All that Remains: The Aftermath of the Eagle Creek Fire


By Madeline Sweet, Reporter

Although people caused the Eagle Creek Fire, forest fires can heal themselves and bring more good to the ecosystem than bad.

With variables like human carelessness, a long dry summer, strong winds and climate change, it is inevitable that fires will occur, despite people trying to prevent them.

“Fires are a natural part of the Gorge. It only seems like a bad thing from a human perspective. Without fires, our forest would not be healthy and would contain a very low diversity of plant species,” said Dr. Patrick Edwards, an environmental science professor at PSU.

In addition to this, the Gorge is old and the bigger trees sucked up all the nutrients that new plants need to grow. Now, other plants will be able to flourish and trees that survive won’t have as much competition. Another result of the fire is that the dead trees serve as habitats for birds, bugs and mammals, and fallen trees create a place for salmon to grow before entering the ocean.

A 2011 burn at Mt. Hood’s Dollar Lake had many similarities to the Eagle Creek fire. The combination of a mosaic burn and similar climate of the surrounding area make it an excellent example of what the Gorge recovery might look like. The Dollar Lake Fire was left to recover at nature’s pace, without aid from people.

The immediate aftermath of the Dollar Lake Fire left complete burn in the heart of the fire. However, most of the trees more so boiled than burned. The outside bark was charred but the inside of the tree was left clean and unburned. Eventually, the bark peeled off and served as mulch for new seeds and growth. Seeds spread during the fire and began to establish in 2013.

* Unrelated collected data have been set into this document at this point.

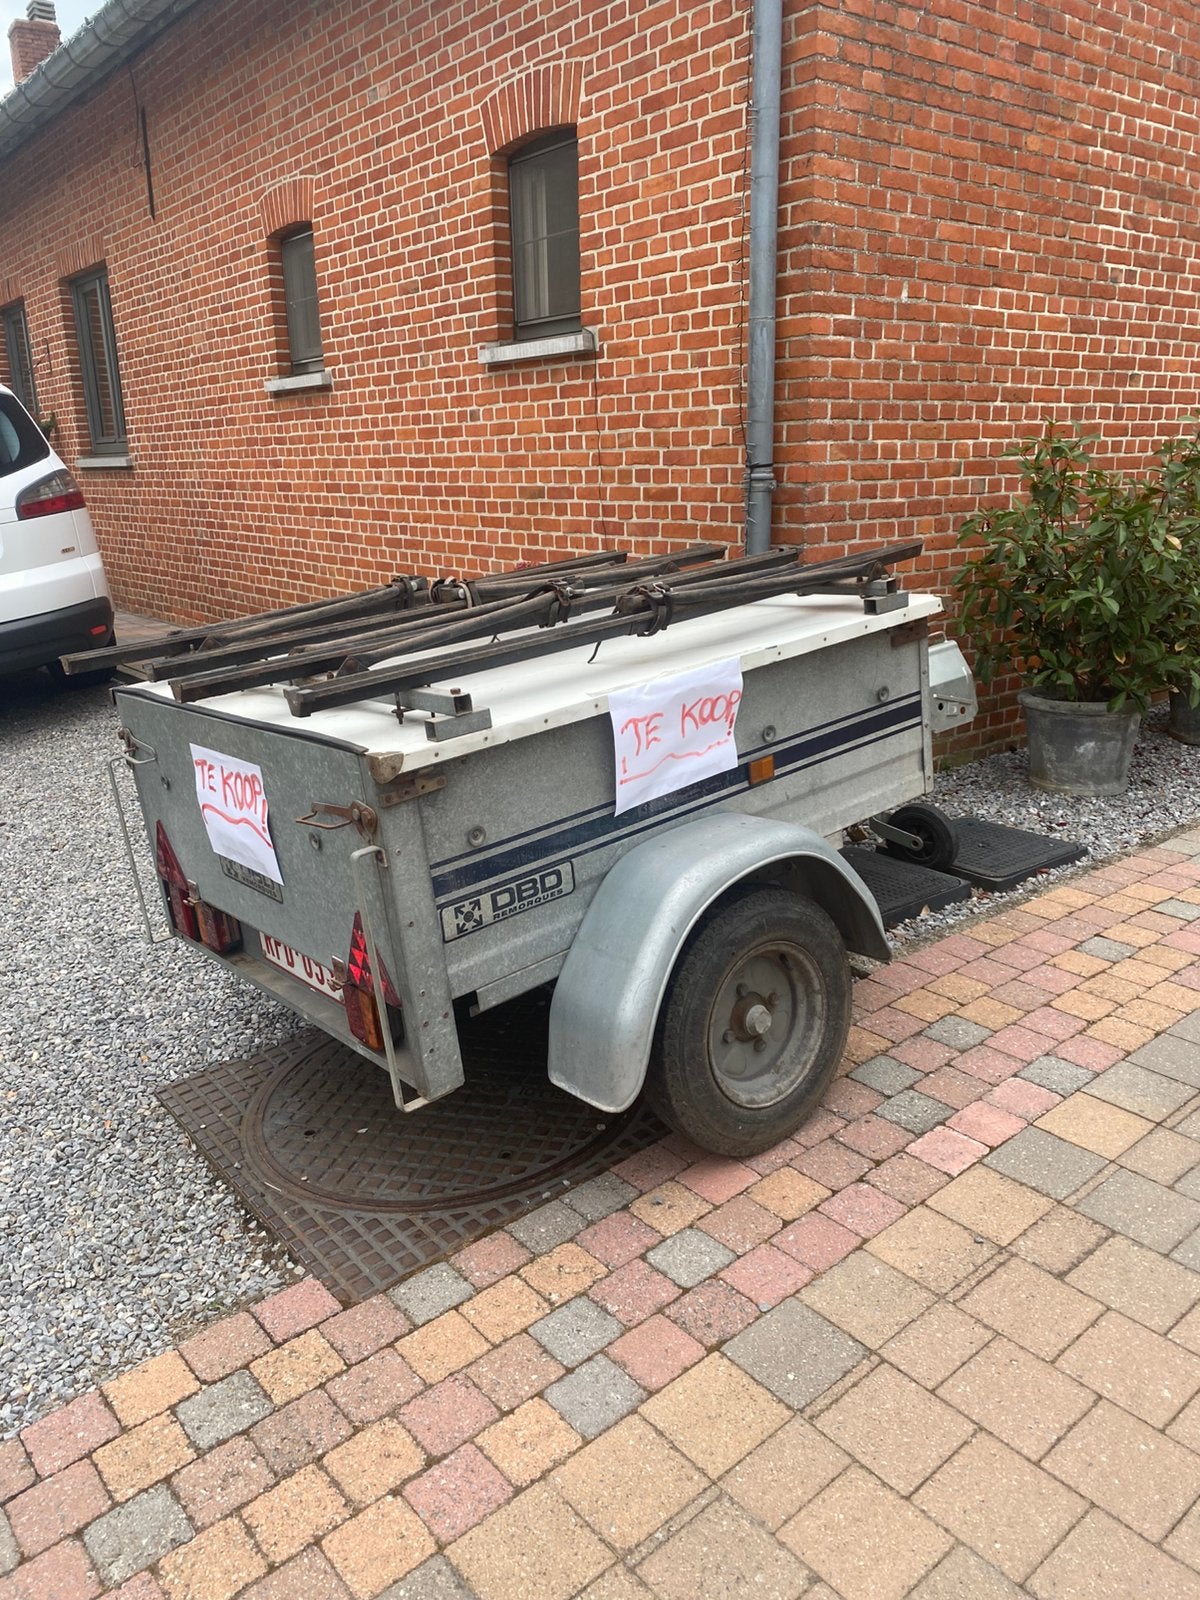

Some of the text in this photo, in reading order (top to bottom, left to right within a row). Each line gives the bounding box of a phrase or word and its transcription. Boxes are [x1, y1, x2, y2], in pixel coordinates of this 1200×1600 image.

[620, 712, 664, 756] TE
[194, 759, 267, 833] TE KOOP!
[490, 868, 563, 914] DBD
[493, 888, 564, 921] REMORQUES
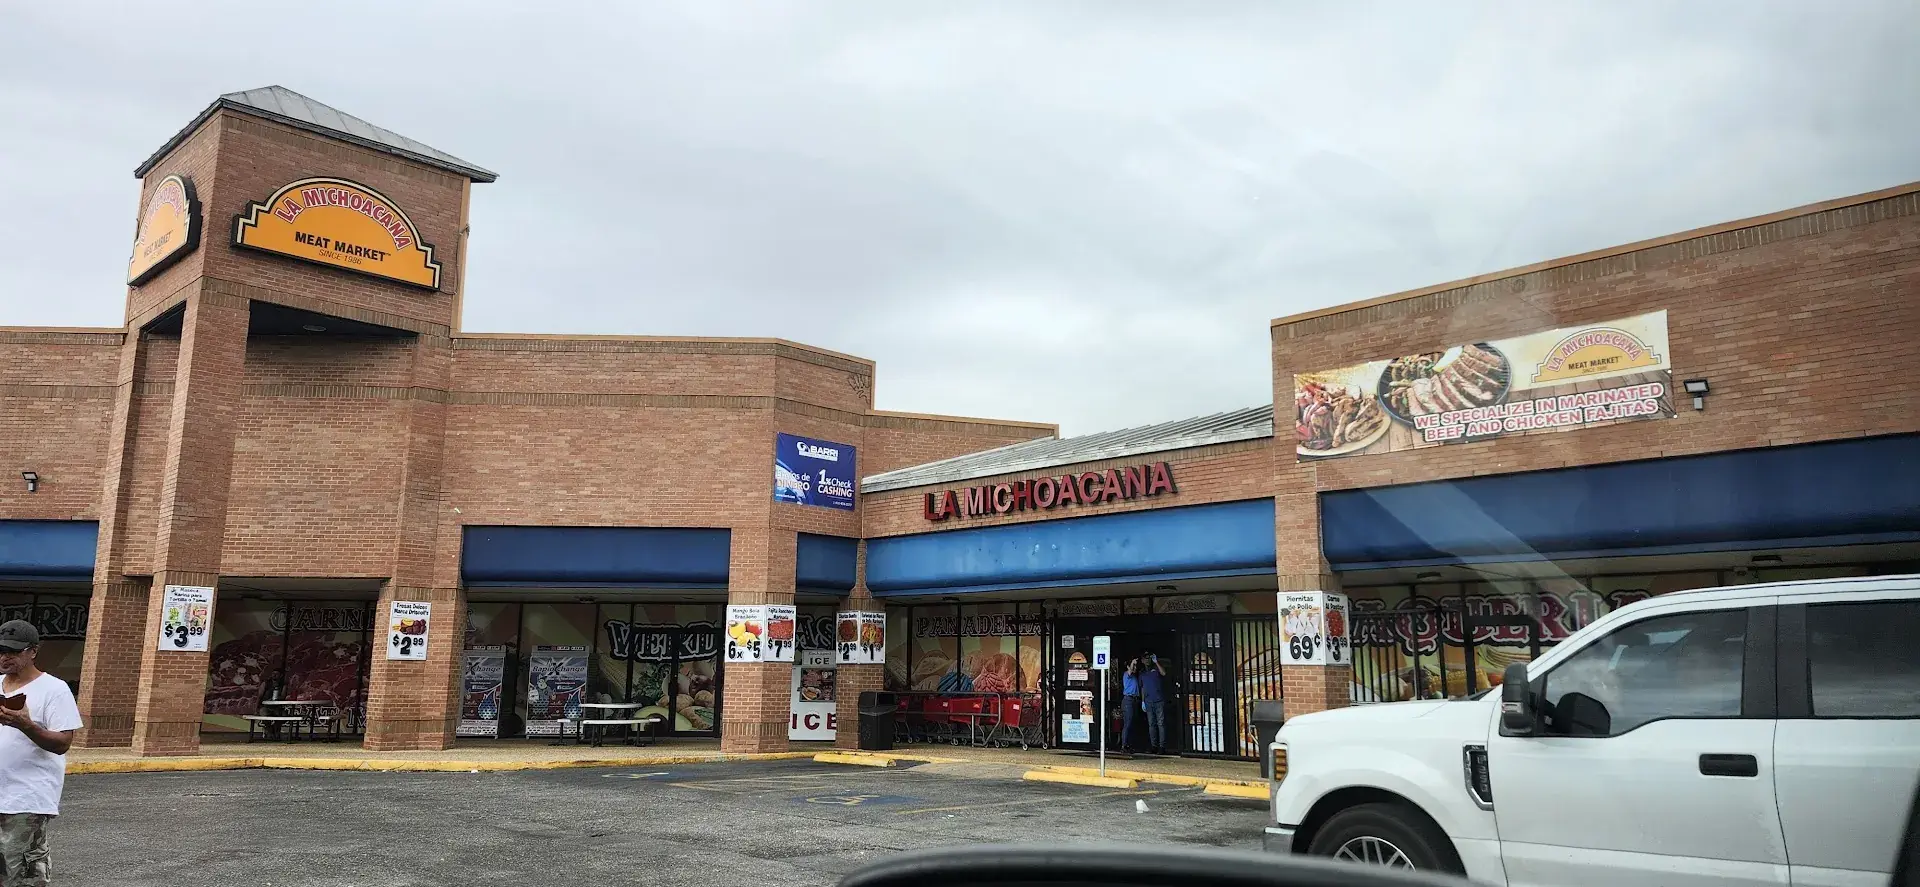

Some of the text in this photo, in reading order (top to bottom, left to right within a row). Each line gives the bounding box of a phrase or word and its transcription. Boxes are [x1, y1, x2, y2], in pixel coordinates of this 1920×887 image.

[275, 187, 412, 250] LA MICHOACANA
[295, 231, 386, 261] MEAT MARKET
[319, 249, 362, 264] SINCE 1986
[1547, 333, 1642, 371] LA MICHOACANA
[1568, 357, 1619, 370] MEAT MARKET
[1415, 384, 1663, 429] WE SPECIALIZE IN MARINATED
[1426, 400, 1657, 440] BEEF AND CHICKEN FAJITAS
[810, 446, 838, 457] BARRI
[776, 479, 810, 490] DINERO
[801, 473, 810, 481] de
[831, 477, 852, 488] Check
[818, 485, 852, 497] CASHING
[924, 462, 1178, 520] LA MICHOACANA
[916, 608, 1049, 637] PANADERIA
[747, 639, 761, 658] $5
[1290, 632, 1321, 660] 69¢
[810, 657, 829, 665] ICE
[792, 712, 837, 730] ICE

The Eagle Creek Fire’s ecosystem will probably renew in the same way. Anna Kate Peterson, Cleveland’s environmental systems and societies teacher, predicts that growth will start with mosses. Next will be plants, then wildlife and finally trees.

One way Cleveland is helping our forests for the future is by staying educated about them and trying to understand the dynamics of forest fires. The IB Environmental Systems and Societies class researched about recent hurricanes and forest fires, and they discovered that 90 percent of forest fires were caused by human carelessness and ten percent were caused by nature.

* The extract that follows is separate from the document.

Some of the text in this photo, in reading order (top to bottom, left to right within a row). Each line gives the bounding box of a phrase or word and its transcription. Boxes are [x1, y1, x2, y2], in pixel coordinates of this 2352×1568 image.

Whenever forest fires occur, people put them out. Dr. Edwards’ advice towards preventing fires is to let the little fires burn. When the forest gets thick it can result in larger fires. Small fires can be good because they thin out the forest. Selective logging can also help thin out the forest (as opposed to clear-cut).

As the Gorge rejuvenates itself, there are things people can do to help. This involves supporting the communities impacted by the fire through donations. For example, one can donate to Cascade Red Cross, which is assisting displaced Gorge residents. People can also donate to the Gorge First Responders. They have a Go Fund Me created by Thunder Island Brewery. The money will be evenly distributed to local fire departments in Carson, Cascade Locks, North Bonneville, Skamania, Stevenson and Washougal. Other ways to donate can be found on the Friends of The Columbia Gorge website.

It is dangerous to go into the parts of the Gorge that are closed off because the trail system is gone and landslides can happen. If people want to go to the Gorge, there are several trails on the Washington side that are open like Beacon Rock and Dog Mountain.

As far as reforestation, the forest burned in a mosaic, so there will be different biodiversity in different locations and elevations due to different levels of burn. The organization Friends of the Gorge is waiting to see what the specialists recommend before they act.

Everyone will miss the areas of the Gorge that have been burned, and it won’t be the same in our lifetime. This is a sad fact, however, fires are usually good for an ecosystem and we now have the opportunity to see how strong and resilient our forests are.